Los griegos enseñan que la comunicación con los muertos debe mantenerse, aunque para el caso es lo que ocurre solo de un lado de los dos países que se mantienen en confrontación. Mientras «las tropas rusas dejan insepultos los cadáveres de los civiles ucranianos», continúa Yermolenko, «los ucranianos, por el contrario, convierten los funerales de sus soldados en acontecimientos para pueblos o incluso ciudades enteras». Quizá esta comunidad afectada por el ataque prolongado desconozca el acto ejemplar de la joven Antígona que en obediencia a las leyes del hogar sepultó a su hermano, porque tenía claro que con los muertos se continúa una comunicación de memoria y fervor que impide negarles el último ritual.
Pero los ucranianos sí parecen escuchar los ecos de la defensora de los muertos, por ello uno de los rituales de entierro frecuentes en estos tiempos y en el único cementerio que queda en Izyum consiste en meter un cuerpo en una bolsa plástica, llevarlo al bosque, cavar una fosa, sepultarlo y, finalmente, hacer una cruz con dos tablas de madera marcada con un número para el difunto no nombrado. Es lo que cuenta una mujer encargada del servicio funerario. Una sensible forma de mantener en la memoria a quienes han perdido, a quienes a causa de la guerra mantendrán en su recuerdo.

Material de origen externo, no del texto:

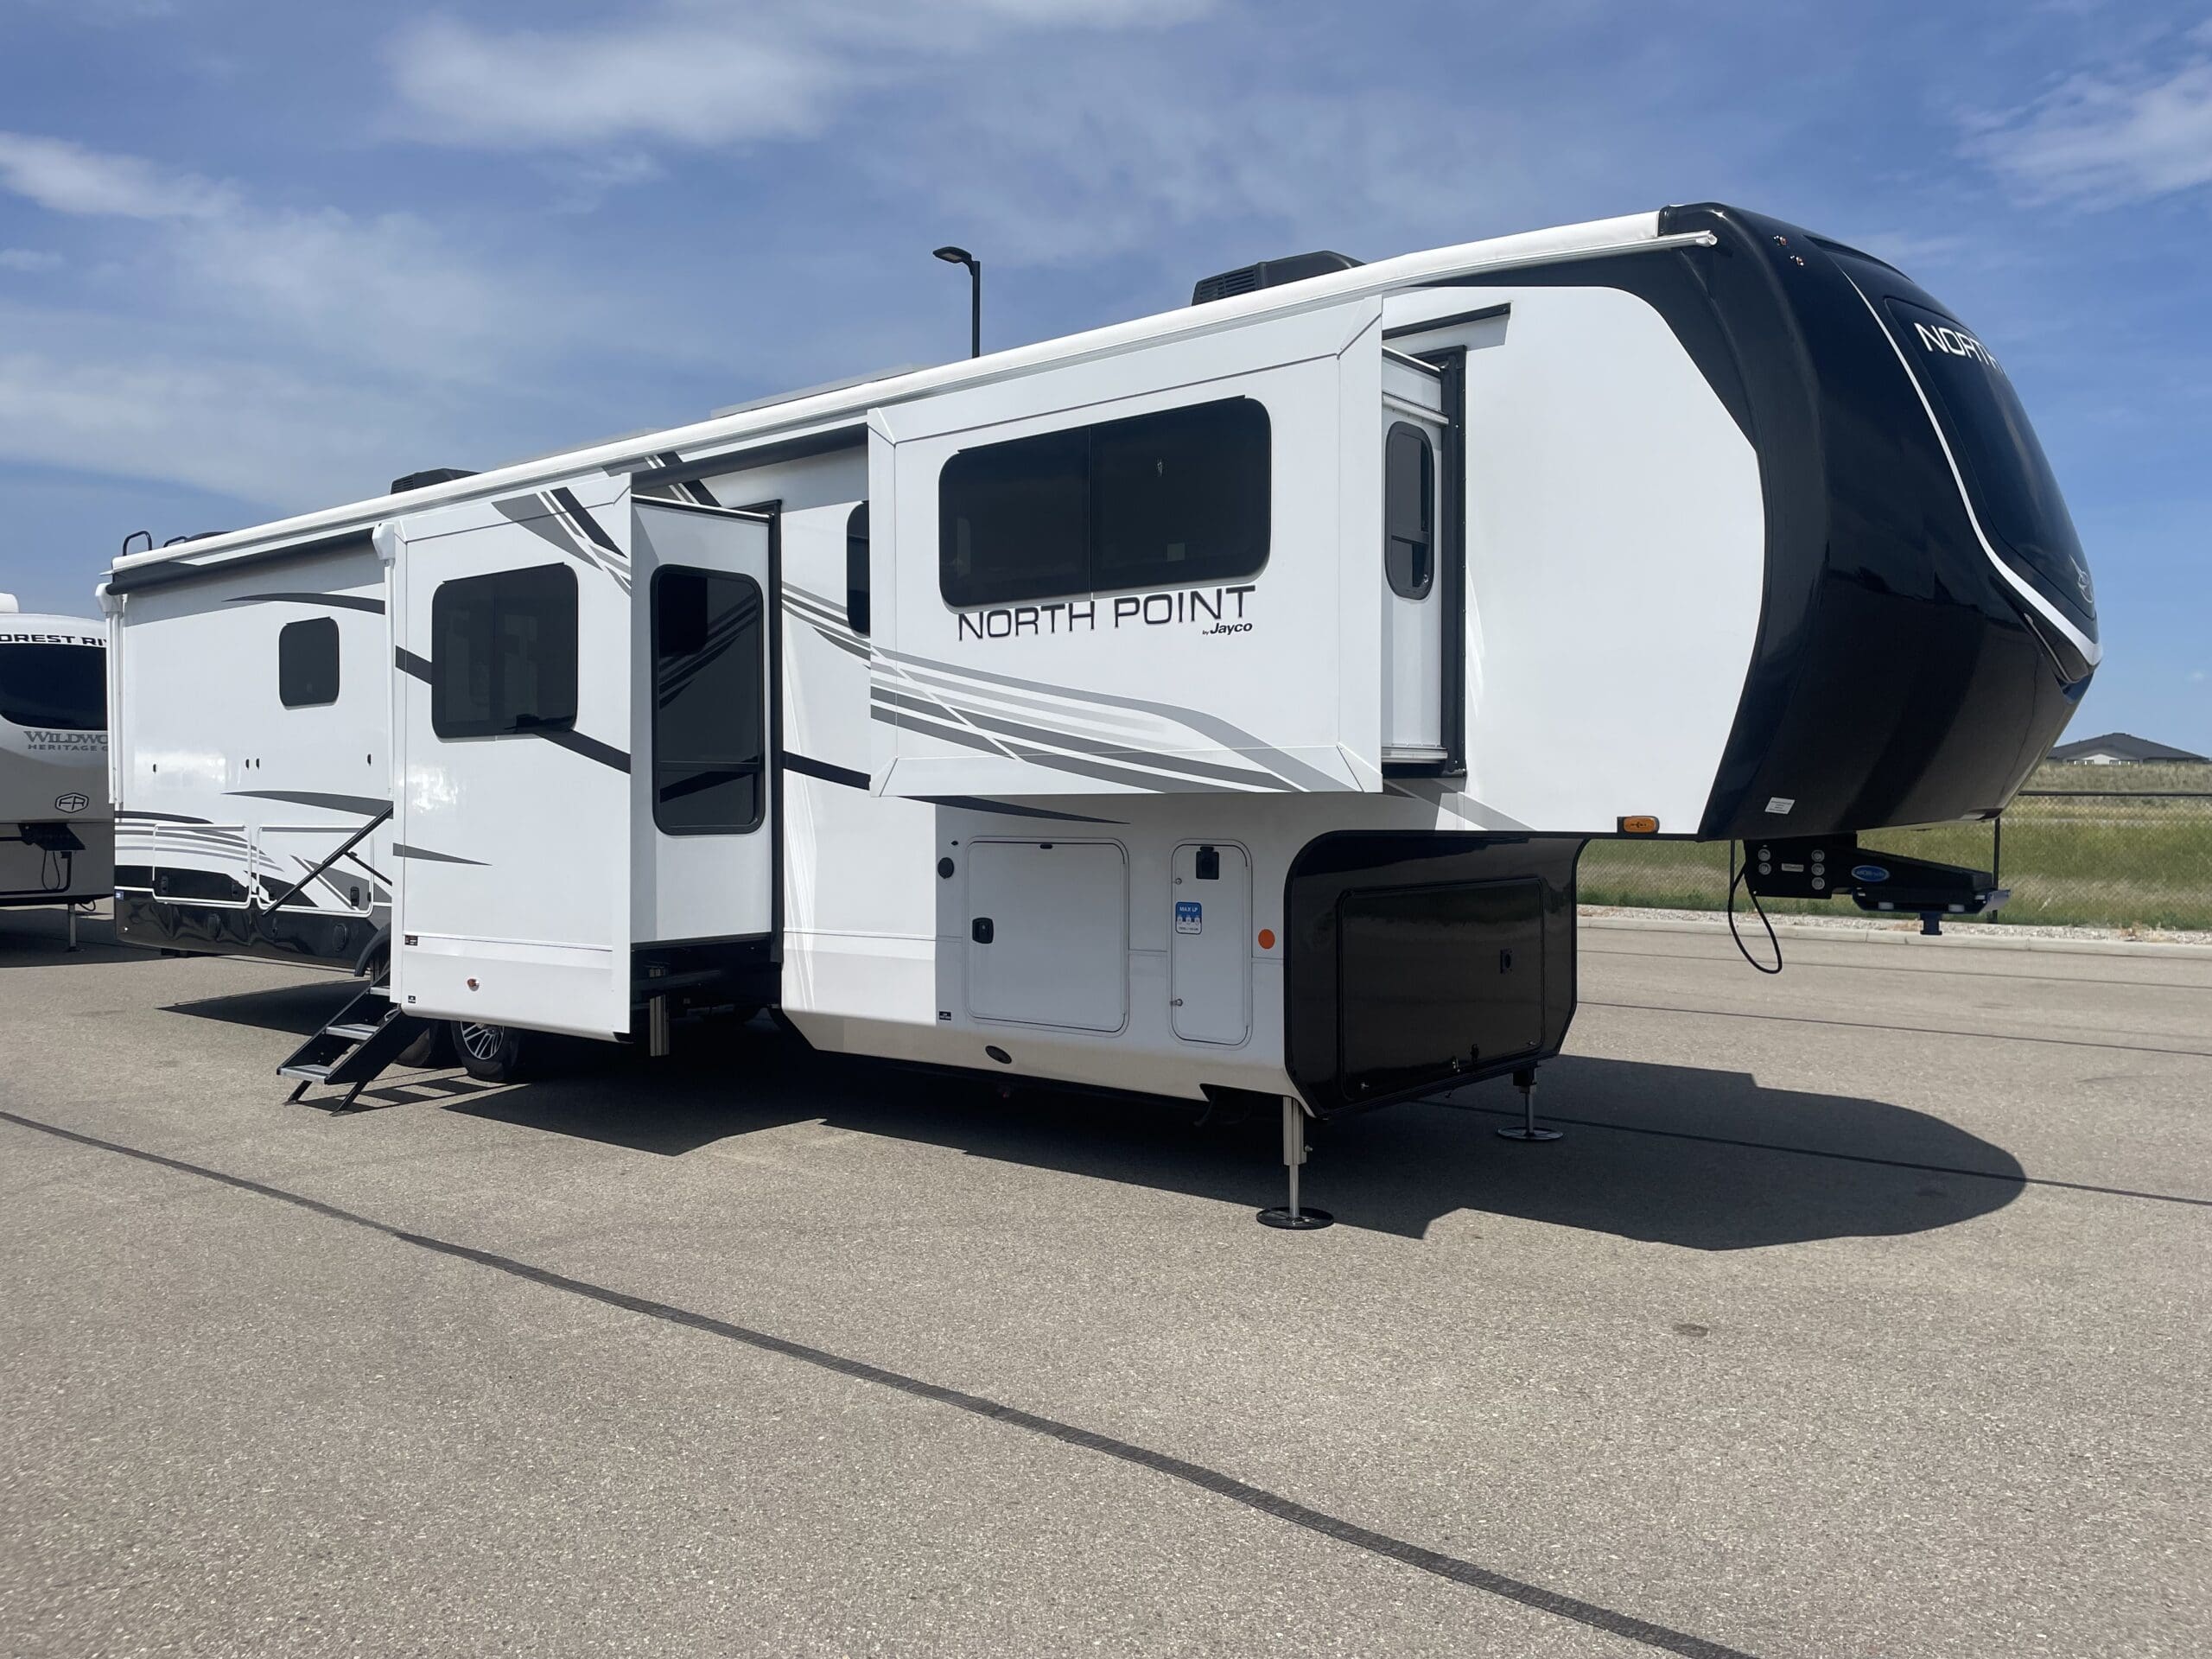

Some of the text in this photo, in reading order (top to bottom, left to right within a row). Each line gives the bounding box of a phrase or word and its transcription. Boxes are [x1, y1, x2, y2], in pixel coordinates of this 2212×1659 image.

[1914, 322, 2003, 374] NORTH
[958, 585, 1256, 641] NORTH POINT
[1210, 622, 1253, 635] Jayco
[0, 633, 75, 643] OREST
[23, 731, 108, 744] WILDWO

De nuevo y en tiempo presente, es una mujer —al lado de otros sepultureros— quien se encarga de los funerales en un país asaltado; una razón de más para evocar la pieza teatral griega inspirada en un conflicto de la antigüedad y que hoy gana vigencia en tanto recuerda las razones de humanidad imposibles de denegar a los muertos. Por eso, como ocurre hoy con los cadáveres en la lejana Izyum y como sucedió hace siglos en Tebas con el cadáver de Polinices, basta con un enterramiento simbólico para desviar el horror, para hacer menos azaroso el encuentro aterrador con el final.